## What the exercise asks
All records below are to be repeated exactly, with the pictures left out.

*** Available data ***

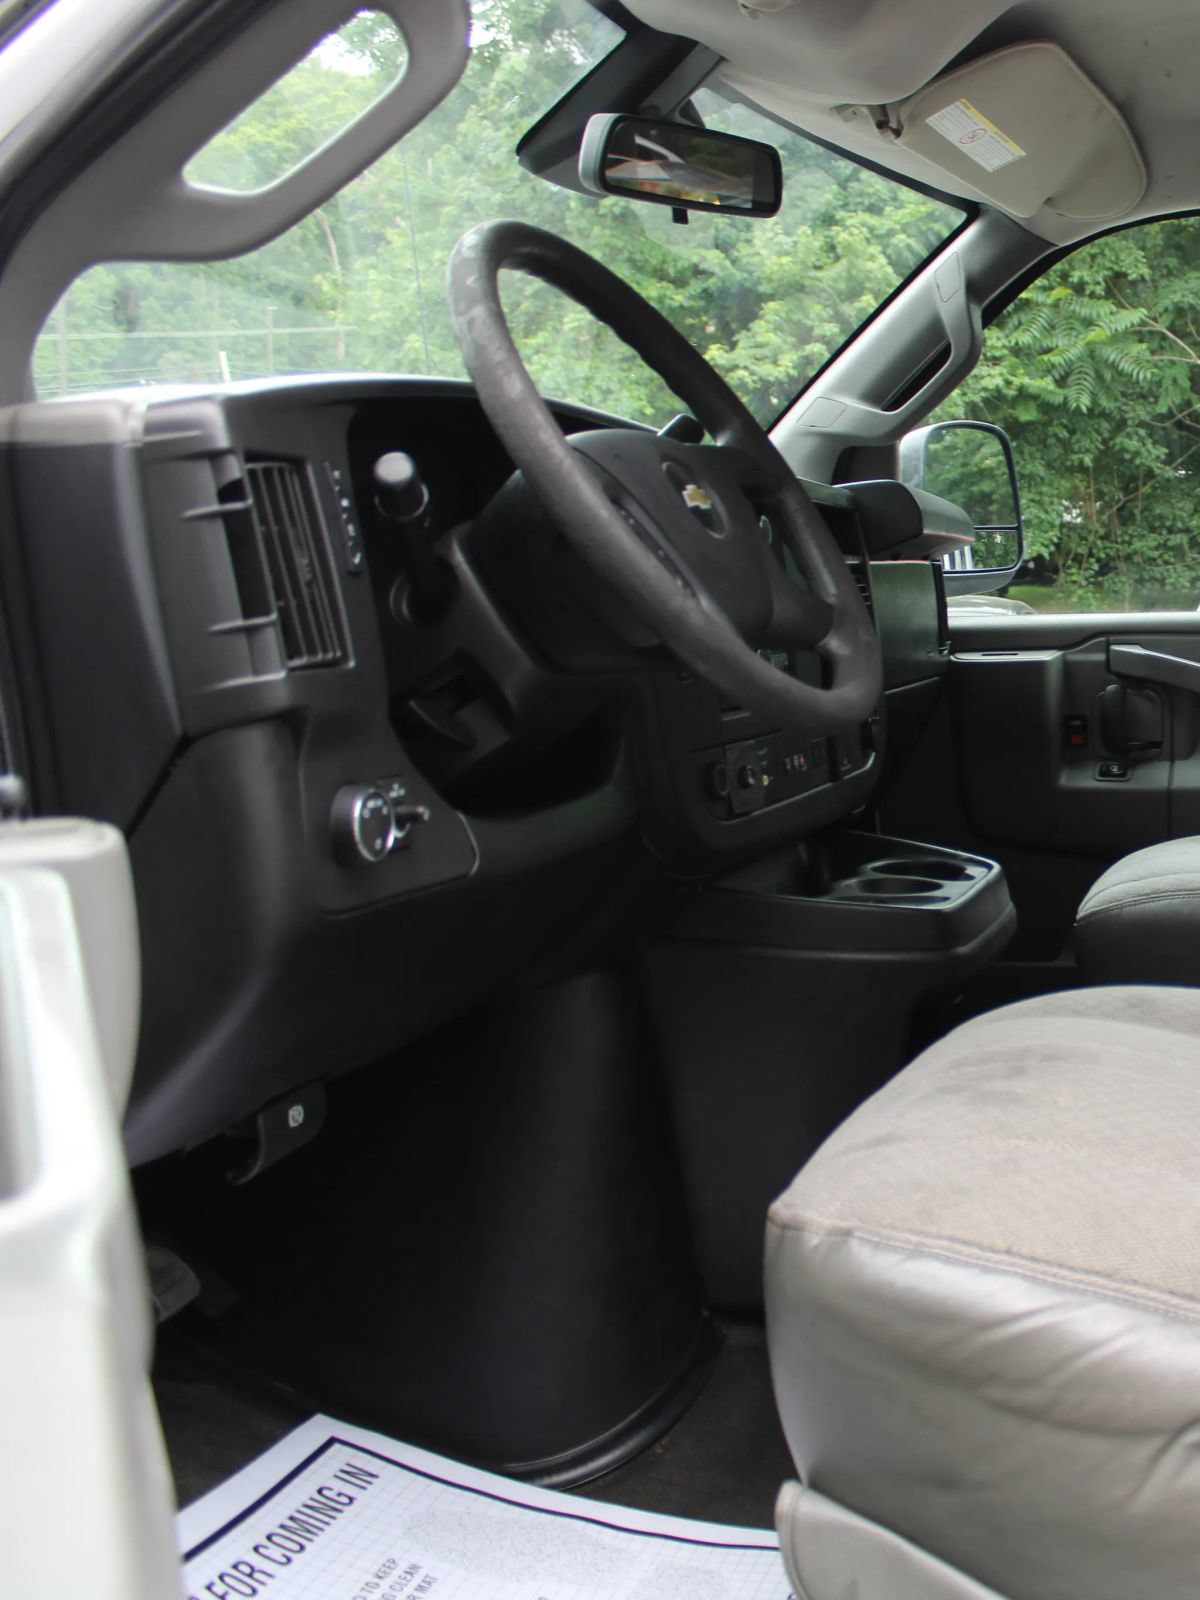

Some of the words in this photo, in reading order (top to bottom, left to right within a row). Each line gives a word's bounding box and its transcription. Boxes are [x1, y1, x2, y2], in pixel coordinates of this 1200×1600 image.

[204, 1561, 275, 1600] FOR
[252, 1486, 357, 1566] COMING
[333, 1463, 380, 1491] IN
[360, 1581, 381, 1594] TO
[372, 1558, 399, 1580] KEEP
[389, 1563, 423, 1592] CLEAN
[414, 1574, 439, 1594] MAT
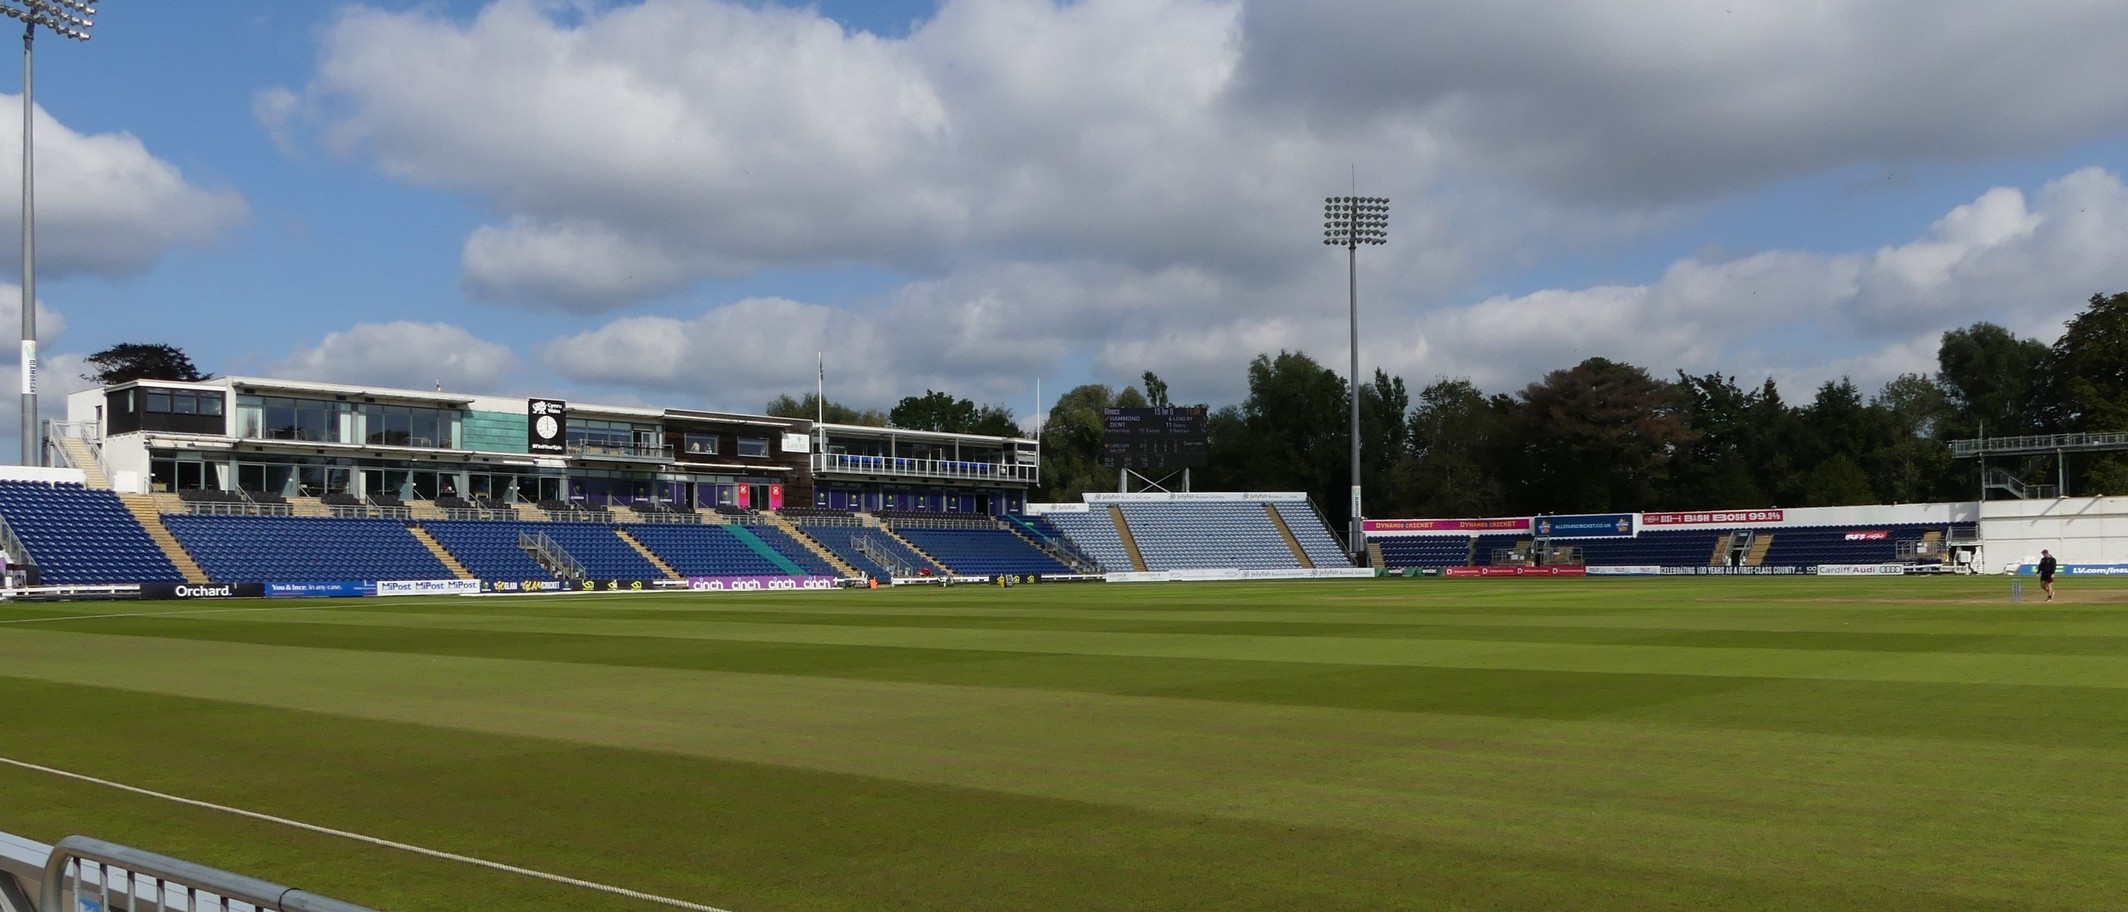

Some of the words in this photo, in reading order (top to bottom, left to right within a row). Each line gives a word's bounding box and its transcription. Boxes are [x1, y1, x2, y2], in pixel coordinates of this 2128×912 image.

[1712, 513, 1746, 521] BOSH
[1748, 512, 1780, 520] 99.9%
[1251, 570, 1270, 578] Jellyfish
[693, 578, 723, 589] cinch
[732, 577, 760, 589] cinch
[768, 576, 796, 589] cinch
[803, 576, 830, 588] cinch
[175, 585, 232, 596] Orchard.
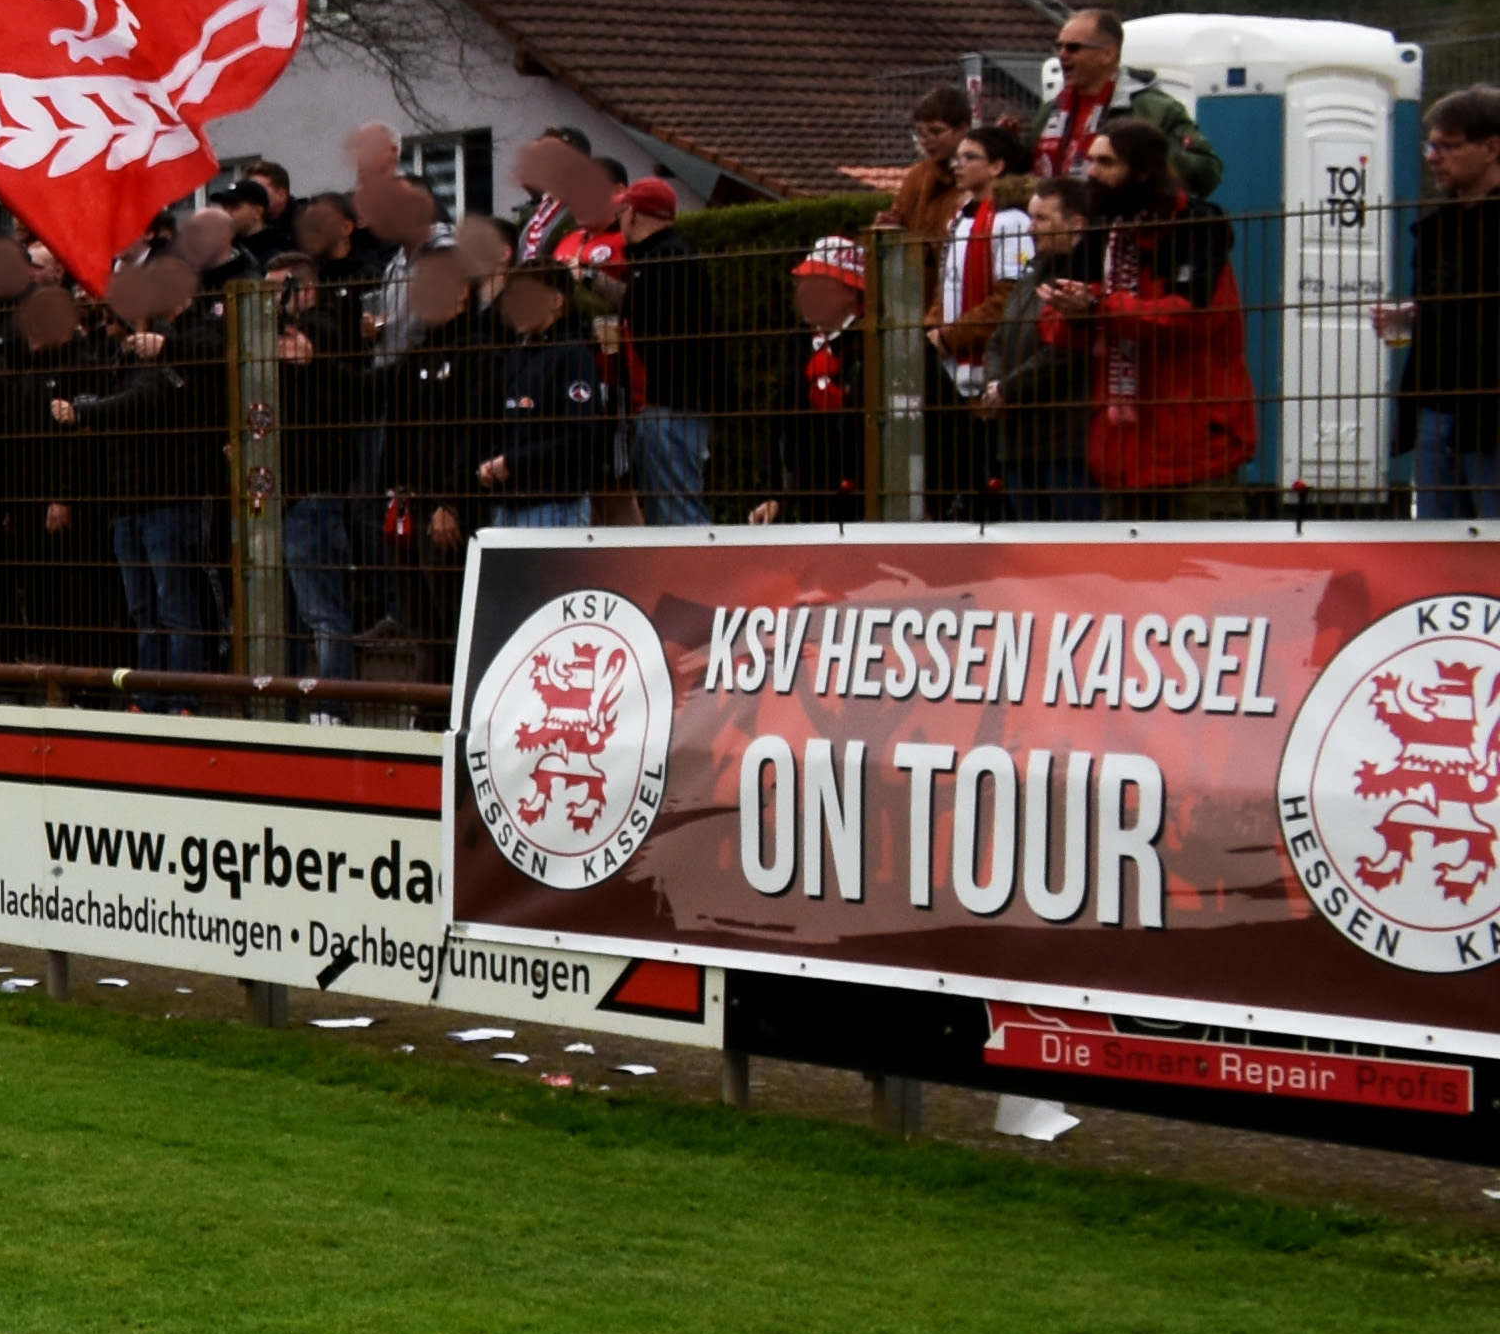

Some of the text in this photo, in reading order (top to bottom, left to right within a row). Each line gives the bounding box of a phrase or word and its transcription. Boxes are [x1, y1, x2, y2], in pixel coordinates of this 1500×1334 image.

*** End of Available data ***

## Solved problem
Some of the words in this photo, in reading order (top to bottom, left to right within a row). Each line gives a word's bounding box and its transcription. Boxes are [x1, y1, x2, y2], in pixel coordinates of this 1200×1600 image.

[204, 1561, 275, 1600] FOR
[252, 1486, 357, 1566] COMING
[333, 1463, 380, 1491] IN
[360, 1581, 381, 1594] TO
[372, 1558, 399, 1580] KEEP
[389, 1563, 423, 1592] CLEAN
[414, 1574, 439, 1594] MAT

Some of the words in this photo, in reading order (top to bottom, left to right within a row). Each line gives a word's bounding box and its transcription. Boxes are [x1, y1, x2, y2], in pixel coordinates of this 2128×912 image.

[1712, 513, 1746, 521] BOSH
[1748, 512, 1780, 520] 99.9%
[1251, 570, 1270, 578] Jellyfish
[693, 578, 723, 589] cinch
[732, 577, 760, 589] cinch
[768, 576, 796, 589] cinch
[803, 576, 830, 588] cinch
[175, 585, 232, 596] Orchard.

Some of the text in this photo, in reading order (top to bottom, left to right within a row). Each line gives the bounding box of a phrase or word and its transcription. Boxes are [x1, y1, x2, y2], in pixel coordinates of this 1500×1334 image.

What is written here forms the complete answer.